### [Instructions for the task]
Starting with the line that includes "Some of the words", write out every remaining line of the records below exactly as it appears, leaving out any images.

[Items from a data source]
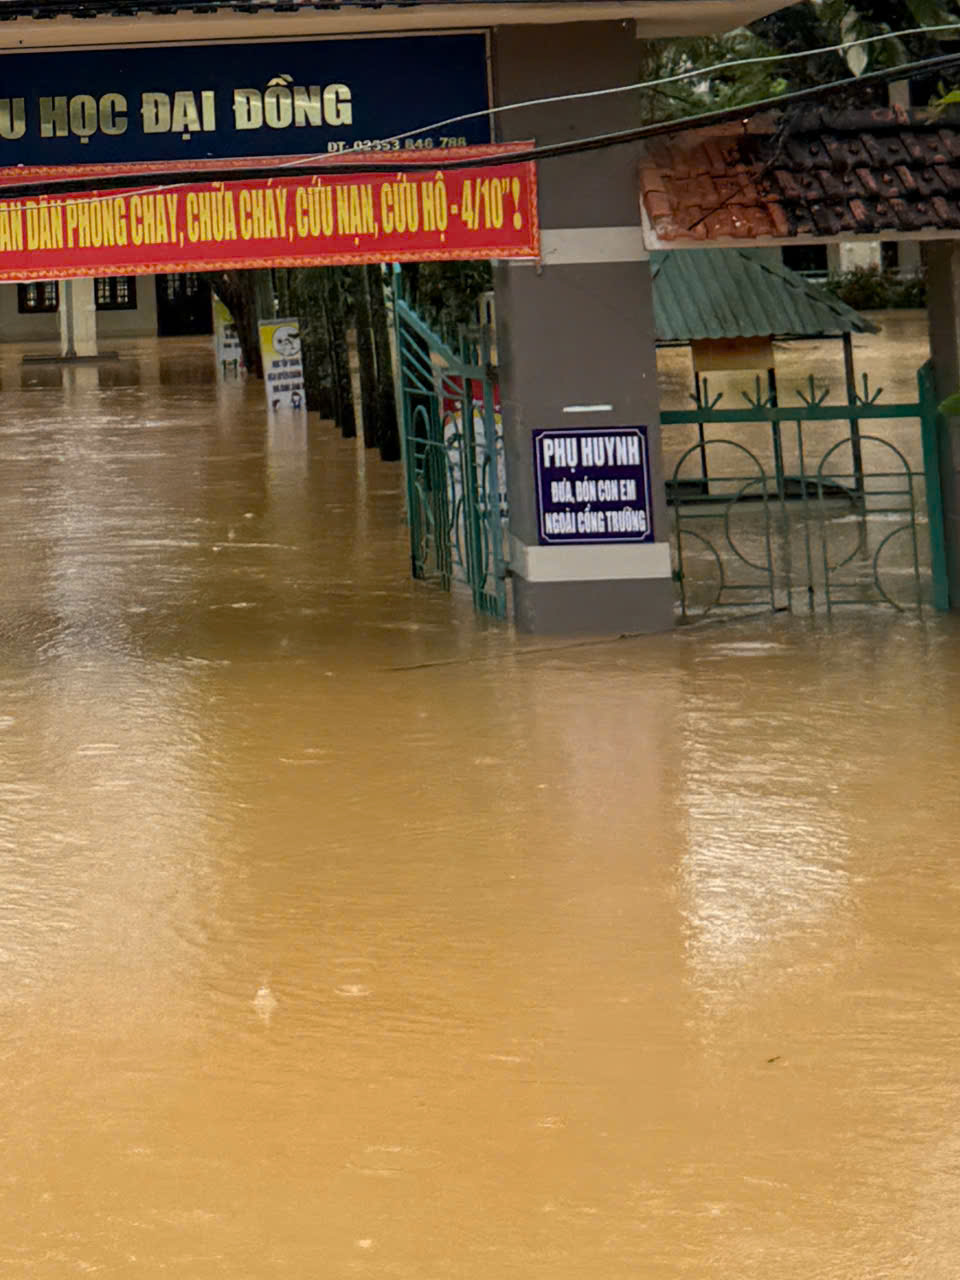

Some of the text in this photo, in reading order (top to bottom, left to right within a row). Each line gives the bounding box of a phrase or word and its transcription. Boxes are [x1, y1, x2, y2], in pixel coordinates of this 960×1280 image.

[39, 93, 128, 144] HỌC
[140, 90, 216, 140] ĐẠI
[232, 74, 353, 131] ĐỒNG
[186, 181, 237, 243] CHỮA
[240, 178, 294, 244] CHÁY,
[295, 175, 333, 238] CỨU
[336, 184, 379, 246] NẠN,
[380, 172, 419, 234] CỨU
[422, 170, 449, 242] HỘ
[451, 204, 459, 215] -
[543, 436, 640, 473] PHỤ HUYNH
[597, 479, 619, 502] CON
[620, 479, 637, 501] EM
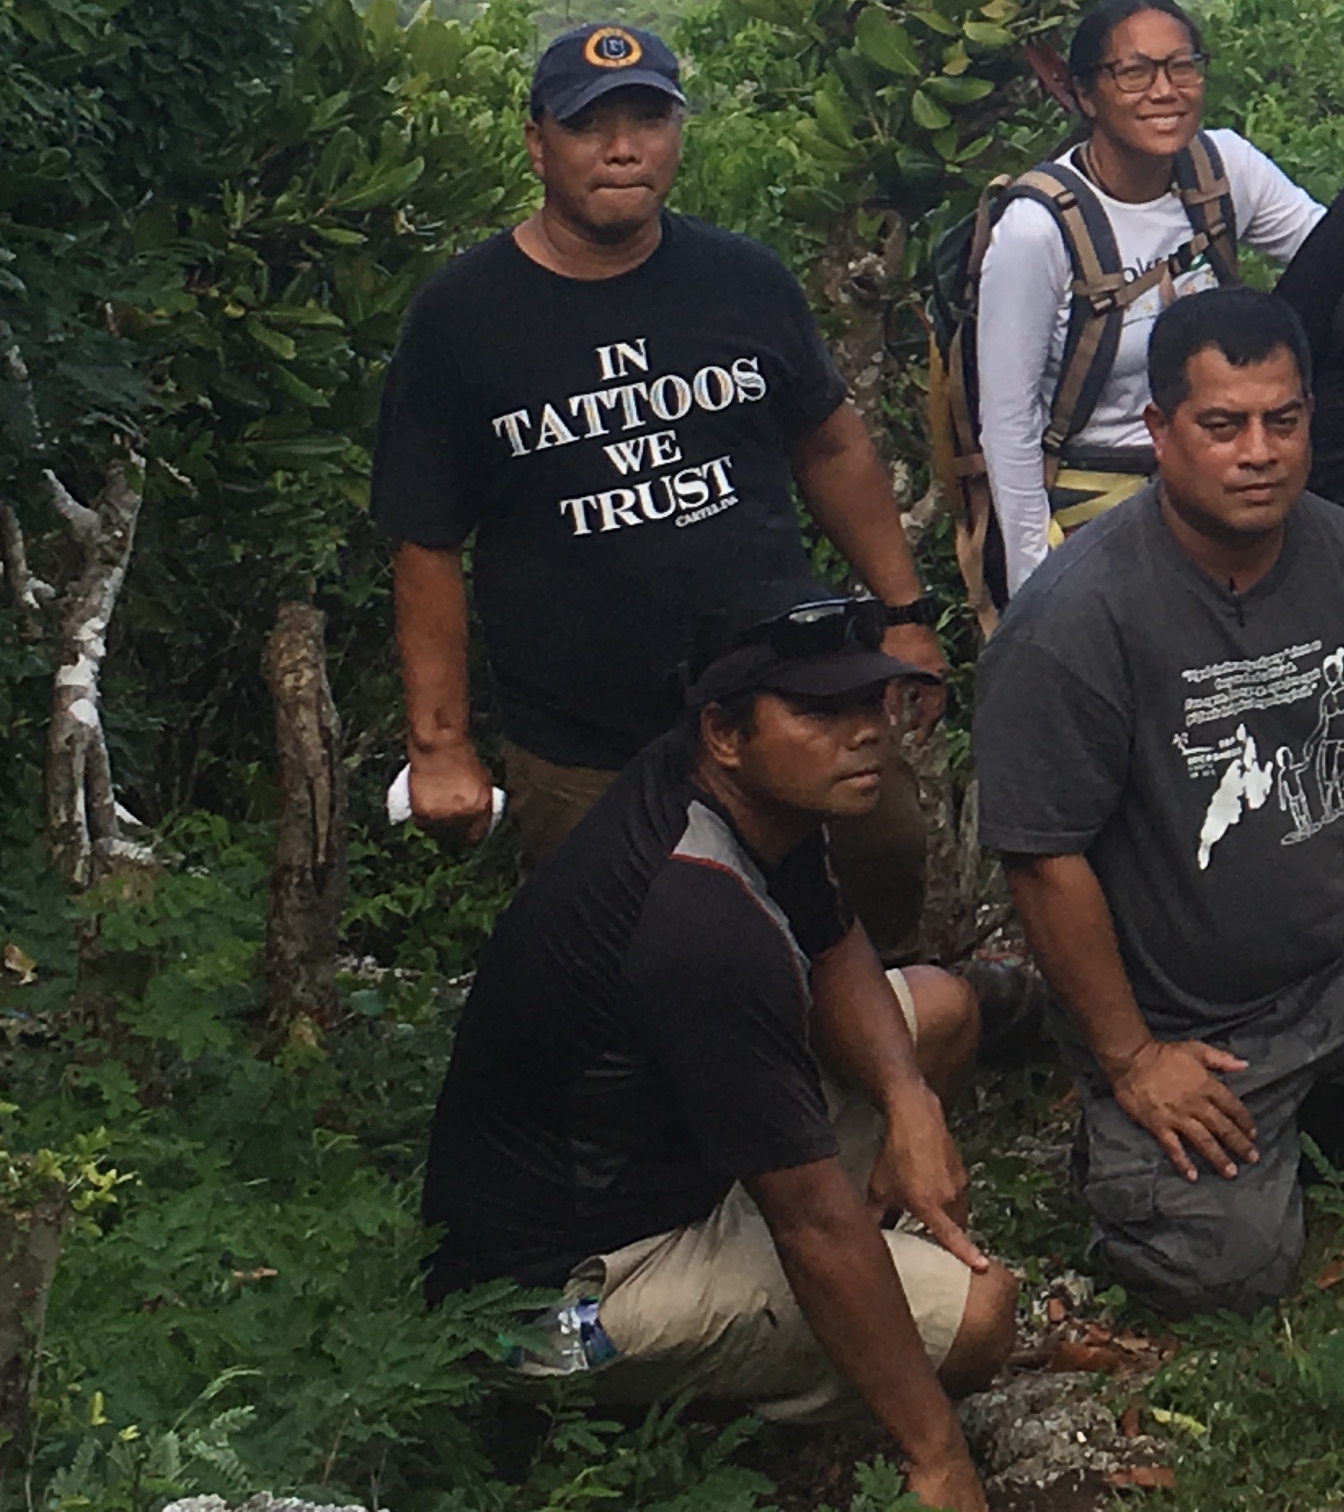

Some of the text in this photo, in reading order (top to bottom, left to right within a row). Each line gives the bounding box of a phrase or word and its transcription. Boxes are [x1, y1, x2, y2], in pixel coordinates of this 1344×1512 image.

[595, 338, 650, 381] IN
[491, 356, 767, 458] TATTOOS
[603, 429, 683, 476] WE
[560, 455, 736, 537] TRUST
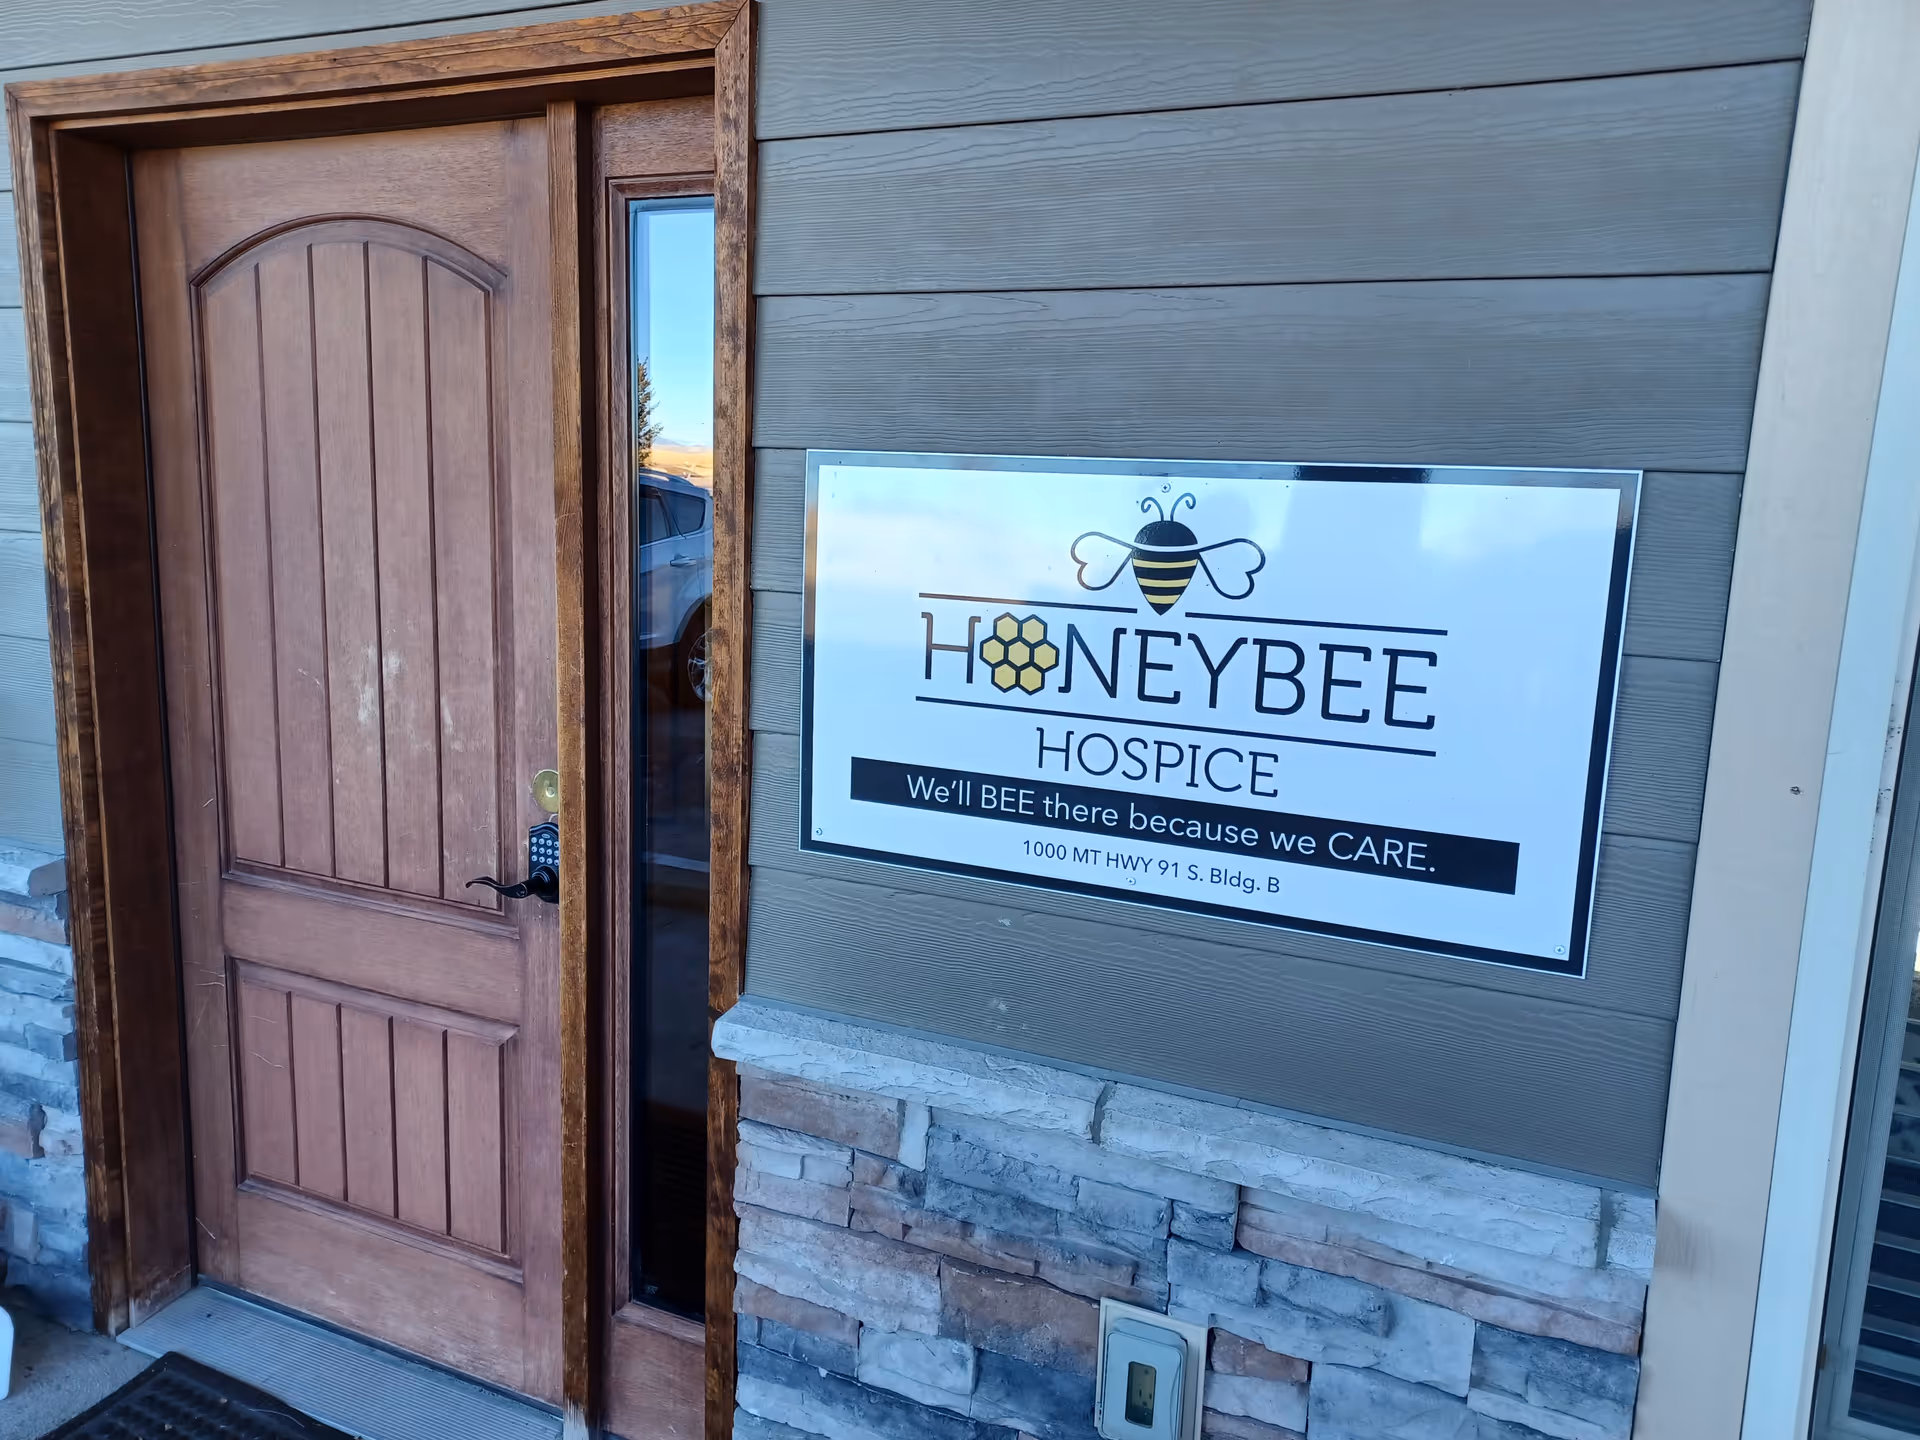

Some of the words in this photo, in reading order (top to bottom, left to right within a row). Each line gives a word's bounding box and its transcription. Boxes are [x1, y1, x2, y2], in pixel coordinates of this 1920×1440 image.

[921, 611, 1438, 730] HONEYBEE
[1036, 727, 1279, 798] HOSPICE
[906, 774, 971, 806] We'll
[981, 784, 1035, 816] BEE
[1042, 792, 1119, 827] there
[1129, 802, 1259, 846] because
[1270, 830, 1317, 855] we
[1328, 832, 1436, 873] CARE.
[1023, 839, 1067, 861] 1000
[1072, 846, 1102, 866] MT
[1106, 851, 1153, 874] HWY
[1158, 859, 1179, 878] 91
[1187, 864, 1204, 882] S.
[1210, 867, 1261, 894] Bldg.
[1267, 876, 1280, 893] B
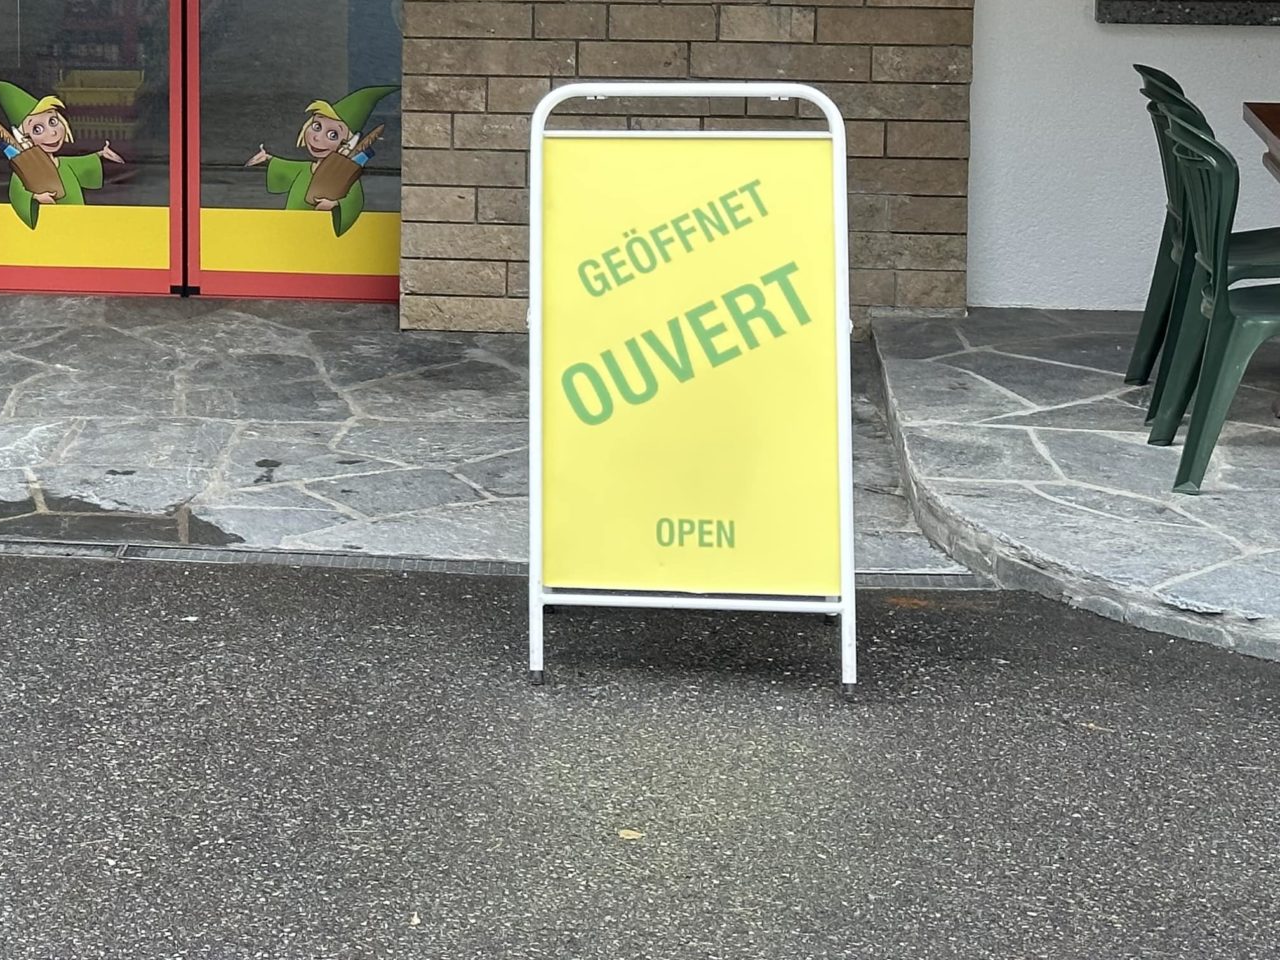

### [Solution]
Some of the words in this photo, in reading order (top to bottom, left to right within a row). Each line gives a word's bounding box and its transcription. Boxes are [x1, y1, x2, y2], in pixel coordinates of this 1920×1440 image.

[921, 611, 1438, 730] HONEYBEE
[1036, 727, 1279, 798] HOSPICE
[906, 774, 971, 806] We'll
[981, 784, 1035, 816] BEE
[1042, 792, 1119, 827] there
[1129, 802, 1259, 846] because
[1270, 830, 1317, 855] we
[1328, 832, 1436, 873] CARE.
[1023, 839, 1067, 861] 1000
[1072, 846, 1102, 866] MT
[1106, 851, 1153, 874] HWY
[1158, 859, 1179, 878] 91
[1187, 864, 1204, 882] S.
[1210, 867, 1261, 894] Bldg.
[1267, 876, 1280, 893] B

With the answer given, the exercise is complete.